Anaemia, he continued, played an important role on the development of LVH in uraemic patients. In observational studies both anaemia and hypertension are associated with the presence of LVH. Moreover, a reduction in haemoglobin levels has been shown to be closely correlated with growth of the left ventricle in patients with declining renal function.

"The hypertrophied hearts of uraemic patients have a reduced capillary density and a resultant reduction in blood supply," Graham Stewart told delegates.

"Those blood vessels also have impaired function. They don't vasodilate the way they should do.
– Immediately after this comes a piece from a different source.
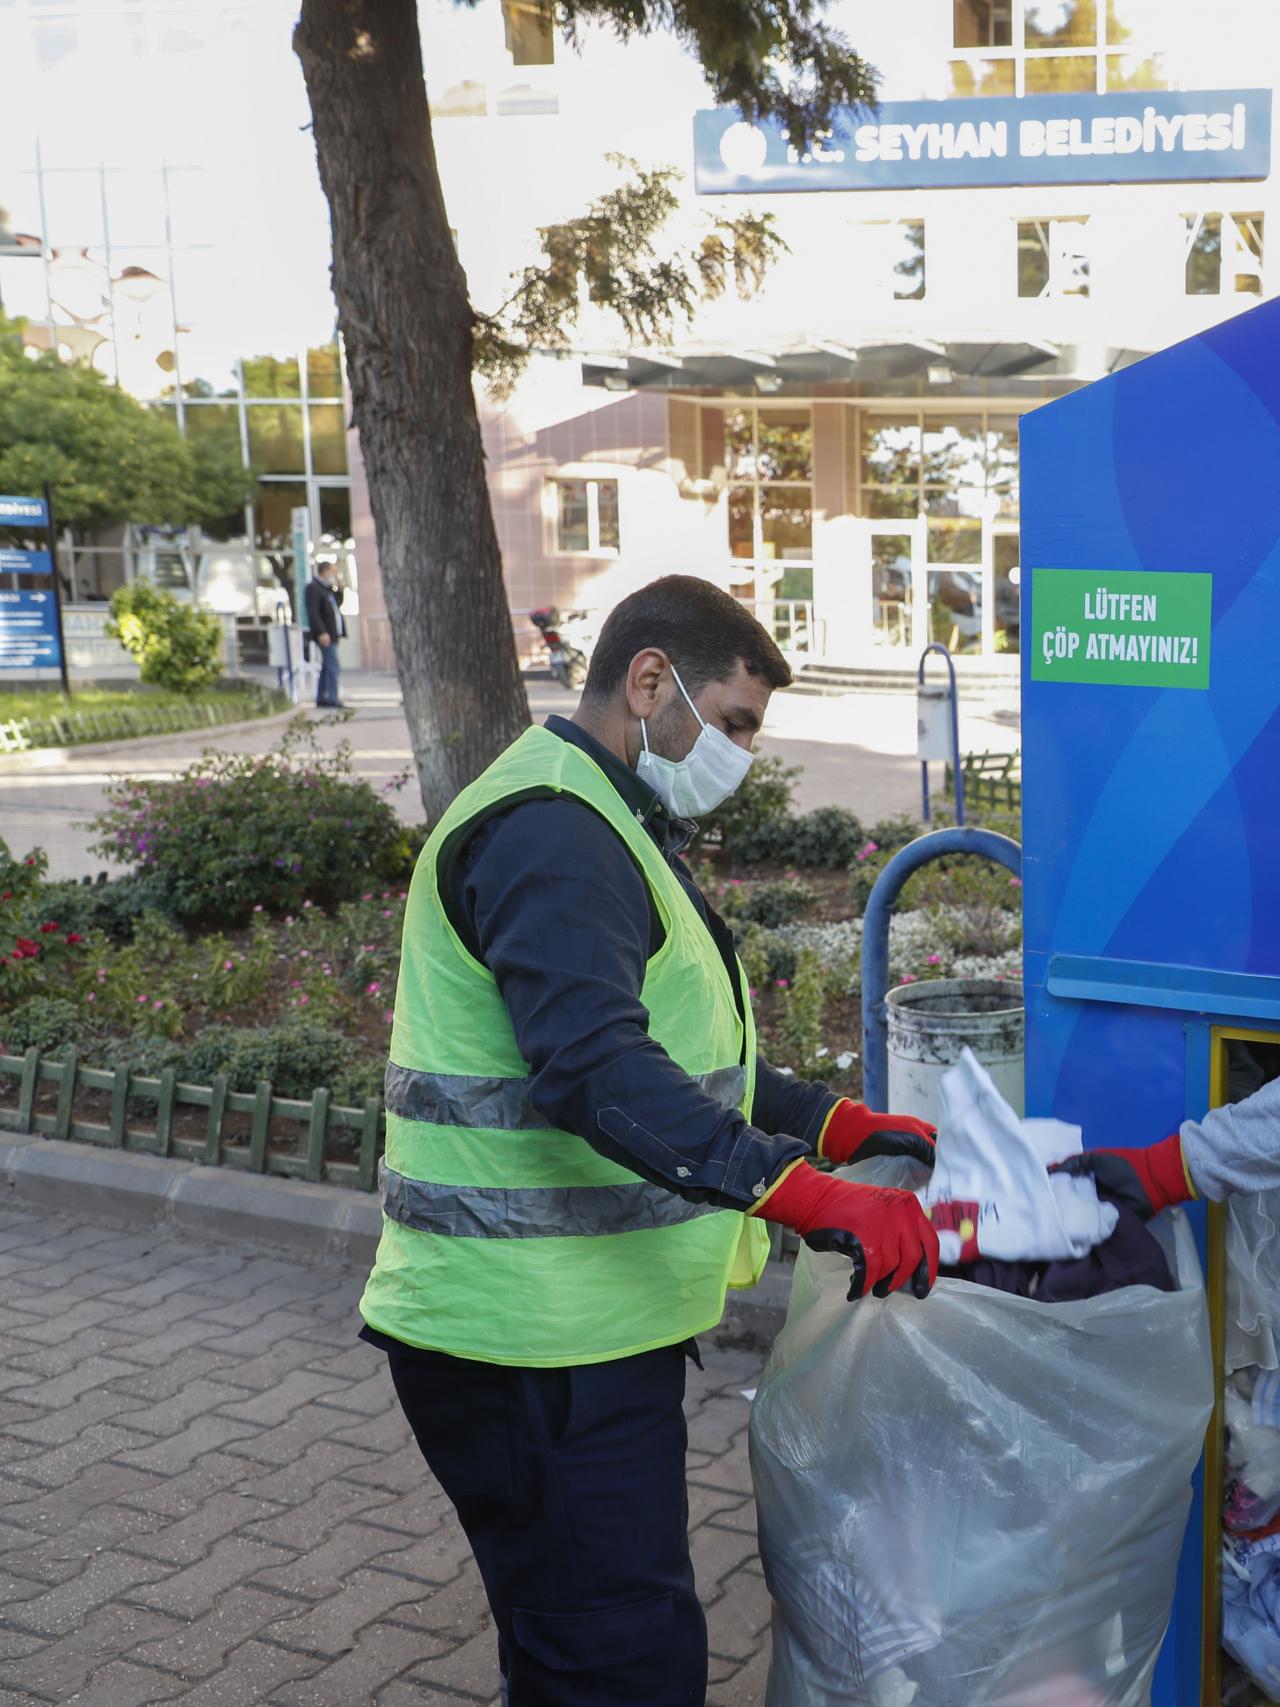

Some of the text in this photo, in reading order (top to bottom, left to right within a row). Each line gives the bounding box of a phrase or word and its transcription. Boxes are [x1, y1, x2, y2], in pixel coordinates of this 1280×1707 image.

[854, 121, 1007, 162] SEYHAN
[1019, 103, 1245, 157] BELEDİYESİ
[1084, 587, 1157, 622] LÜTFEN
[1042, 626, 1198, 664] ÇÖP ATMAYINIZ!
In addition, factors such as fibrosis of heart muscle around the vessels interferes with dilatation. So, the muscle becomes ischaemic. The clinical results of this in dialysis patients are silent myocardial ischaemia evident with elevated troponin -T levels and arrythmias leading to sudden death."
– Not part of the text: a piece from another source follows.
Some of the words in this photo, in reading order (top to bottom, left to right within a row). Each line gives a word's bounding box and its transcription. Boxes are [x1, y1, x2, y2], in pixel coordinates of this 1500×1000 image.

"We know that having left ventricular hypertrophy on dialysis is associated with at least a threefold increase in mortality. And a study from Glasgow in the late 1990s has shown that even in patients who have had successful transplantation, those with left ventricular hypertrophy or dilatation when they came in for transplant, were more likely to subsequently die."

"The natural history of LVH in progressive renal disease has been made clearer by a Canadian observational study which looked at the impact of reduced haemoglobin on left ventricular mass in a group of almost 450 patients with varying degrees of chronic renal failure. It followed them up for a year doing cardiac examinations at the start and the end of the period. It found that overall 34% had left ventricular hypertrophy and the predisposing factors for that were reduced haemoglobin, increased systolic blood pressure and reduced creatinine clearance."
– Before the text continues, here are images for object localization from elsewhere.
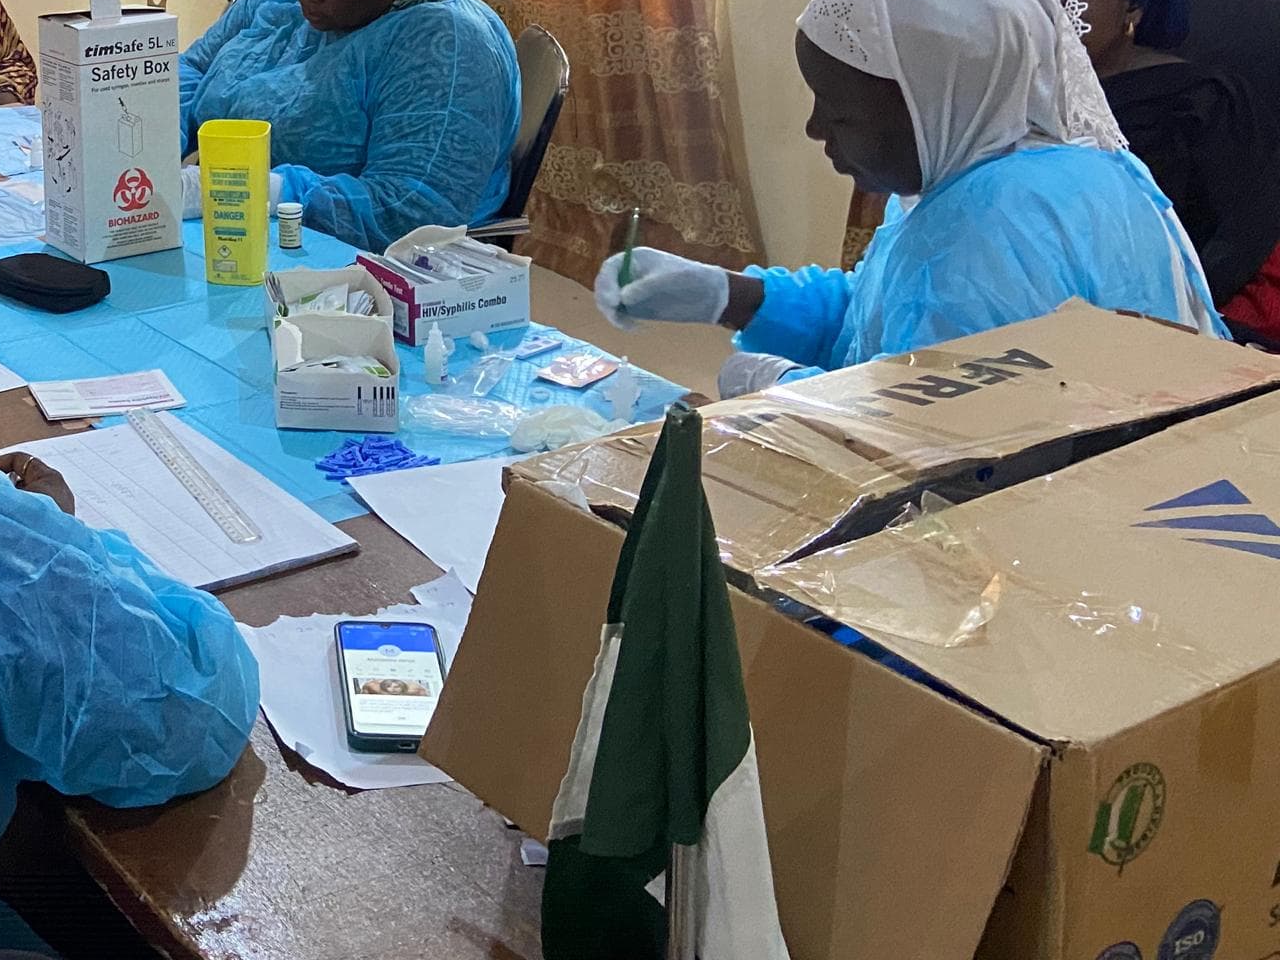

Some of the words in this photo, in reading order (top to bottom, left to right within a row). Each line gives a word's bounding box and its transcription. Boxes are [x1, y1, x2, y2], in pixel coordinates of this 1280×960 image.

[84, 39, 144, 58] timSafe
[148, 36, 164, 50] 5L
[91, 64, 138, 82] Safety
[143, 60, 170, 76] Box
[108, 211, 160, 228] BIOHAZARD
[213, 210, 245, 221] DANGER
[422, 301, 476, 318] HIV/Syphilis
[478, 295, 507, 309] Combo
[1174, 929, 1205, 955] ISO
"More importantly 28% of those with mild disease had left ventricular hypertrophy, and over the year 25% of the total group significantly increased their left ventricular mass," he said. "The factors associated with left ventricular growth were an increase in systolic blood pressure and reduction in haemoglobin."

"The influence of anaemia and hypertension on LV mass was also demonstrated in similar research carried out in Glasgow. Although the LVM of patients with primary renal disease was significantly greater than matched controls, even when excretory function was near normal. An increase in LV mass was only seen when creatinine clearance fell below 60ml/min, a level of function recognised to be associated with the development of renal anaemia."

"The relationship between anaemia and LVH was explored further using cardiac MRI to measure and calculate cardiac output and vascular resistance in a sub group of these patients. Comparing normals, CRF patients (Creat. ~200µmol), and haemodialysis patients we found significantly greater LV mass between all three groups with worsening renal function. While the greater LV mass in CRF patients was due to an increased vascular resistance, in the haemodialysis patients it was the result of increased cardiac output with associated vasodilatation. These are physiological changes that occur in the context of anaemia, and indeed our haemodialysis patients had a significantly lower haemoglobin level than the other groups."
"It appears therefore that patients with renal disease have increased LV mass at an early stage, largely due to vascular stiffness and elevated blood pressure. When anaemia develops there is accelerated LV growth with the result we are familiar with of more than 70% of patients reaching ESRF with LVH."

"What remains to be proven is whether the treatment of anaemia can alter the excessive cardiovascular death rate seen in ESRF. While we know from several small studies that that it is possible to regress LVH in advanced CRF and ESRF, we also know from the Normalisation of Haematocrit Trial that partial correction of anaemia in patients with ESRF and clinically evident cardiovascular disease does not improve survival. This may be because these patients have cardiac disease that is already too advanced."

"The intriguing question, which will hopefully be answered by trials such as CREATE, is whether the prevention of anaemia with early EPO therapy in CRF can prevent the detrimental effect on the heart and reduce subsequent cardiovascular mortality."